*EXERCISE OBJECTIVE*
Restate the listing below word for word; no picture is to be carried over.

*DATA SUPPLIED*
□ □ □ □
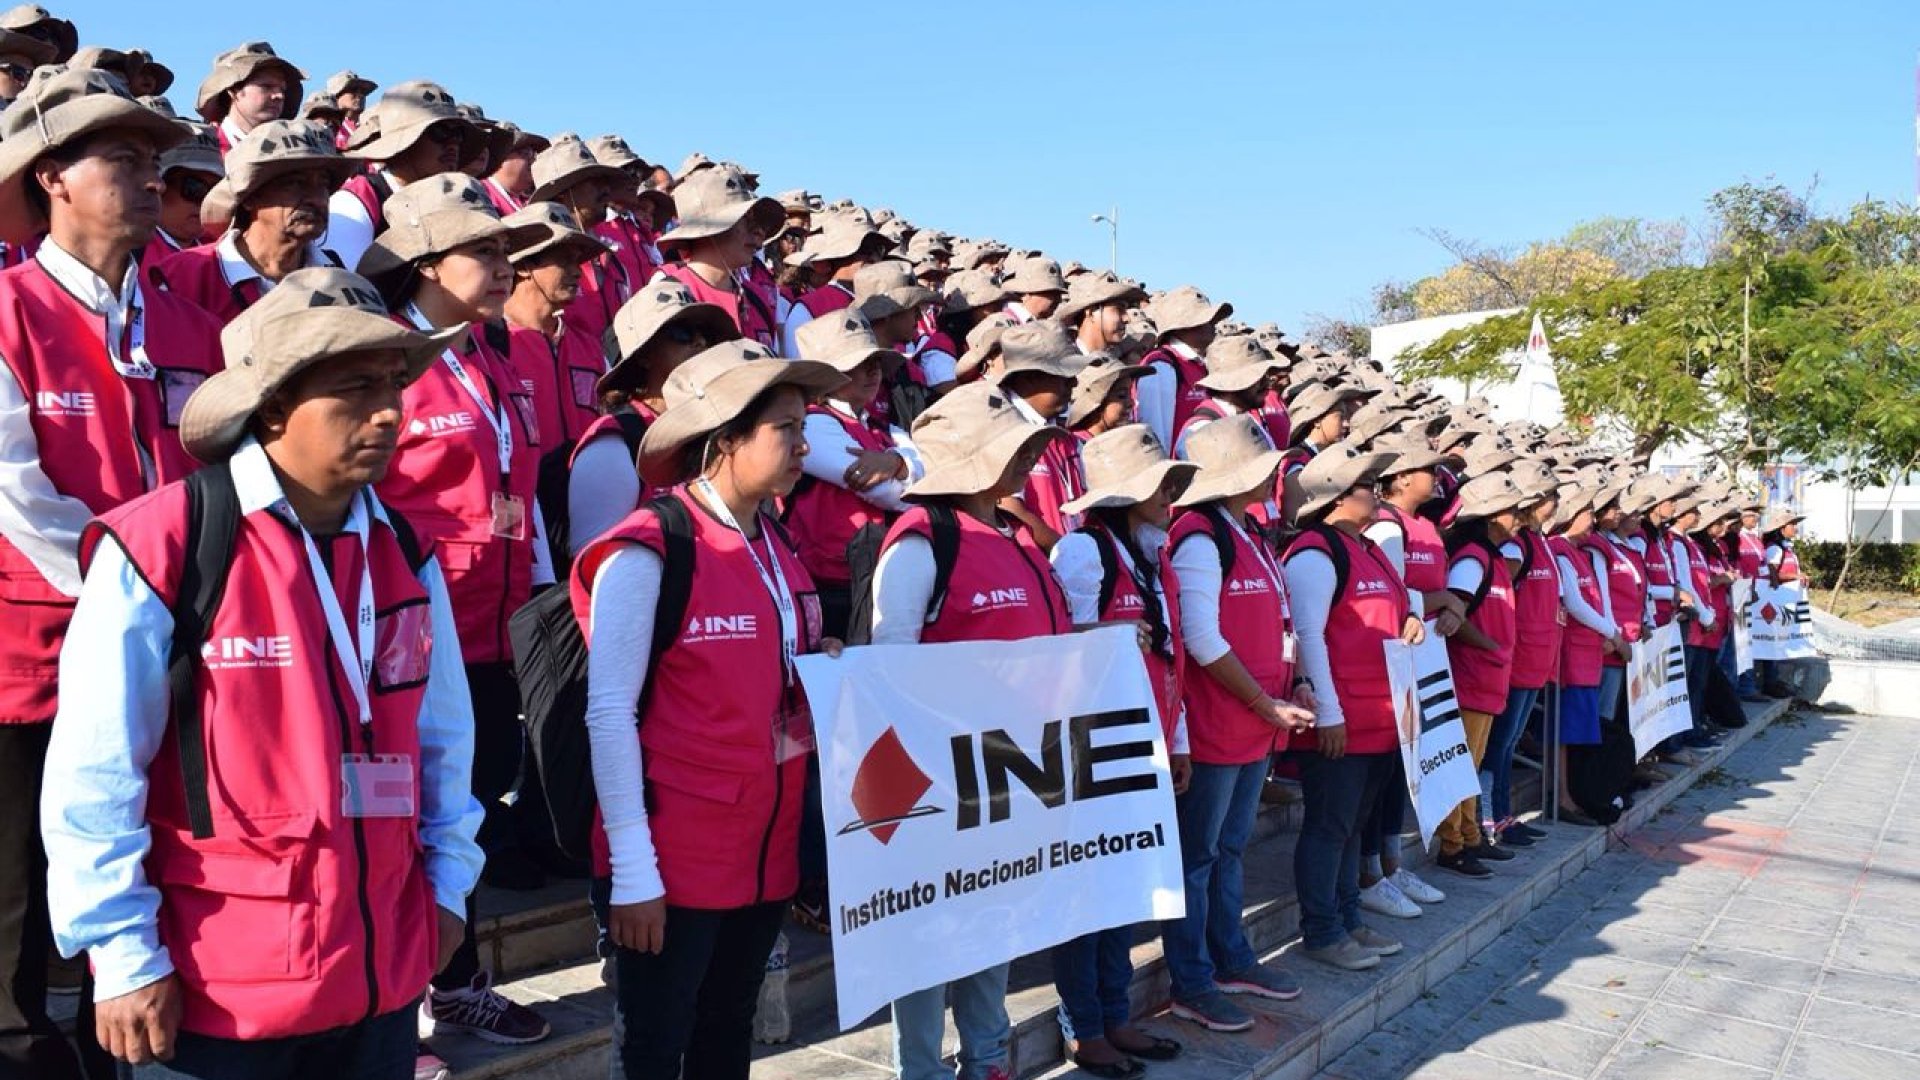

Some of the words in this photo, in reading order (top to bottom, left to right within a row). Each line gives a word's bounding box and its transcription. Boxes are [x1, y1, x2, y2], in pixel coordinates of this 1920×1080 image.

[340, 287, 384, 306] IN
[36, 392, 95, 409] INE
[428, 412, 474, 431] INE
[1244, 578, 1269, 590] INE
[990, 587, 1027, 603] INE
[704, 614, 757, 633] INE
[222, 635, 292, 659] INE
[951, 707, 1158, 831] INE
[840, 880, 936, 936] Instituto
[944, 847, 1043, 899] Nacional
[1049, 822, 1165, 869] Electoral
□ □ □ □
*TASK RESPONSE*
Some of the words in this photo, in reading order (top to bottom, left to right within a row). Each line gives a word's bounding box and its transcription. Boxes are [x1, y1, x2, y2], in pixel coordinates of this 1920×1080 image.

[340, 287, 384, 306] IN
[36, 392, 95, 409] INE
[428, 412, 474, 431] INE
[1244, 578, 1269, 590] INE
[990, 587, 1027, 603] INE
[704, 614, 757, 633] INE
[222, 635, 292, 659] INE
[951, 707, 1158, 831] INE
[840, 880, 936, 936] Instituto
[944, 847, 1043, 899] Nacional
[1049, 822, 1165, 869] Electoral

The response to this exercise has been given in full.